(Required work)
Would you output the following records verbatim and skip the images in them?

Collected data
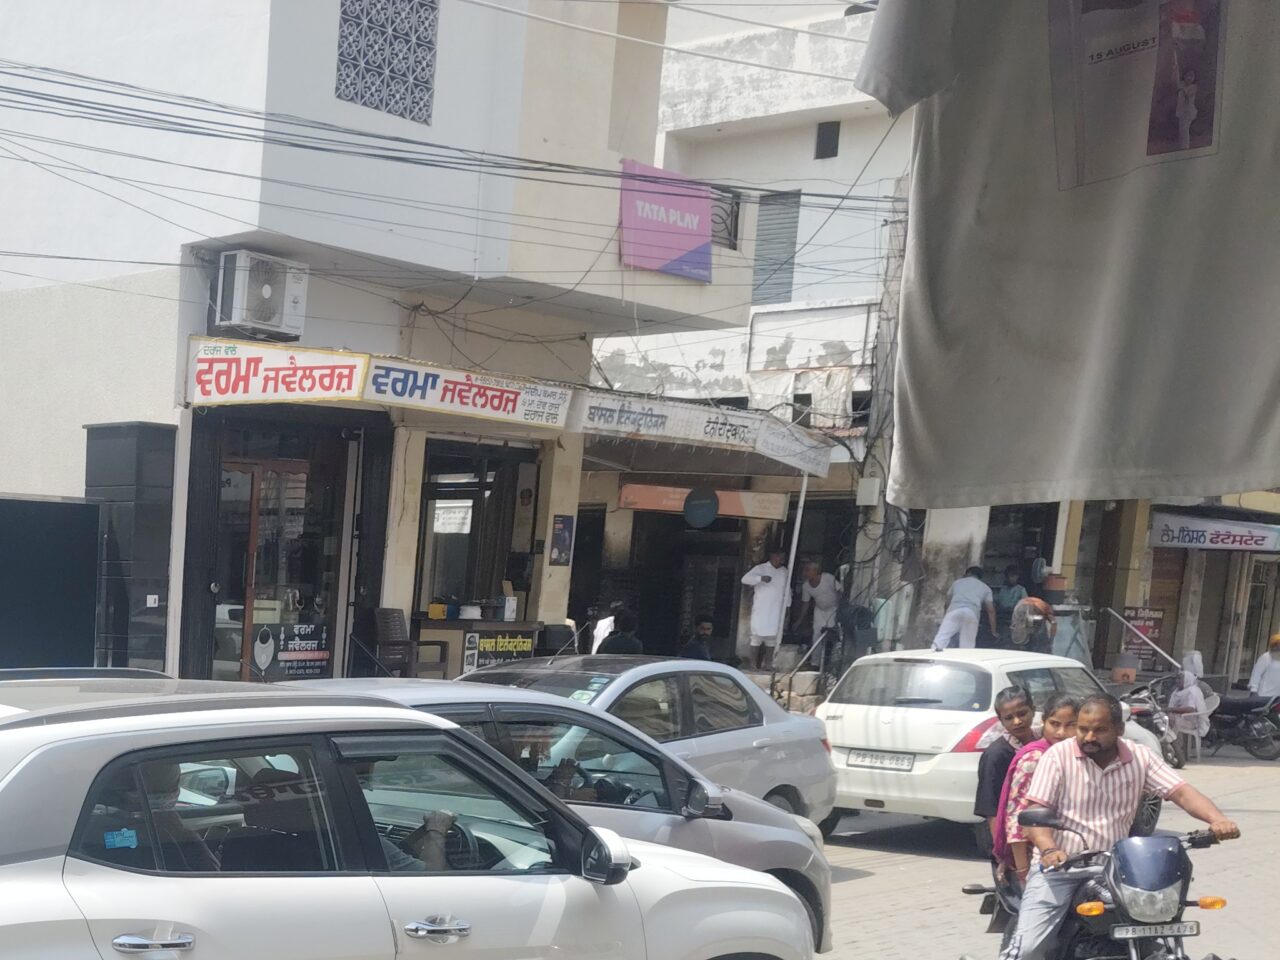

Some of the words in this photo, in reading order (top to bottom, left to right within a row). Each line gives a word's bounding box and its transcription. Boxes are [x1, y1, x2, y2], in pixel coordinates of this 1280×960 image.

[1106, 37, 1157, 57] AUGUST
[635, 200, 667, 224] TATA
[669, 208, 699, 230] PLAY
[196, 356, 263, 397] ਵਰਮਾ
[372, 365, 440, 400] ਵਰਮਾ
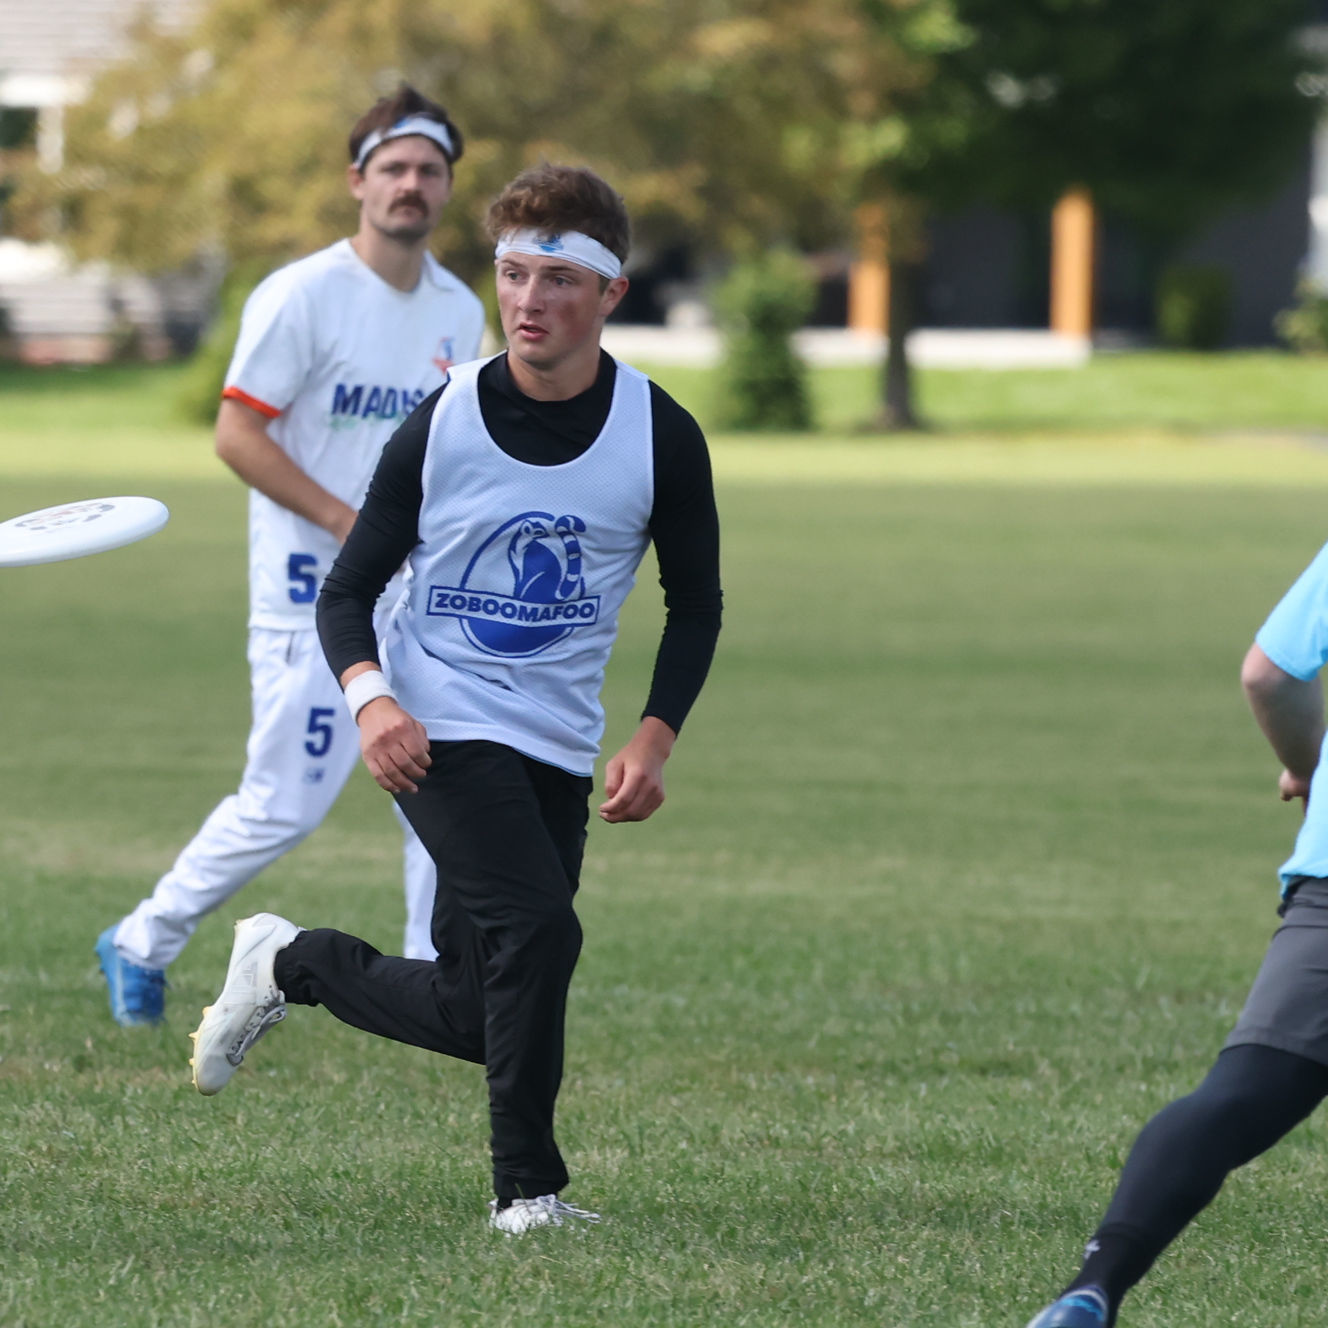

(Worked solution)
Some of the words in this photo, in reading order (top to bottom, left to right within a row). Each line gives a word's bounding box and its transcription. Boxes are [x1, y1, x2, y2], in pixel coordinates of this 1280×960 image.

[1106, 37, 1157, 57] AUGUST
[635, 200, 667, 224] TATA
[669, 208, 699, 230] PLAY
[196, 356, 263, 397] ਵਰਮਾ
[372, 365, 440, 400] ਵਰਮਾ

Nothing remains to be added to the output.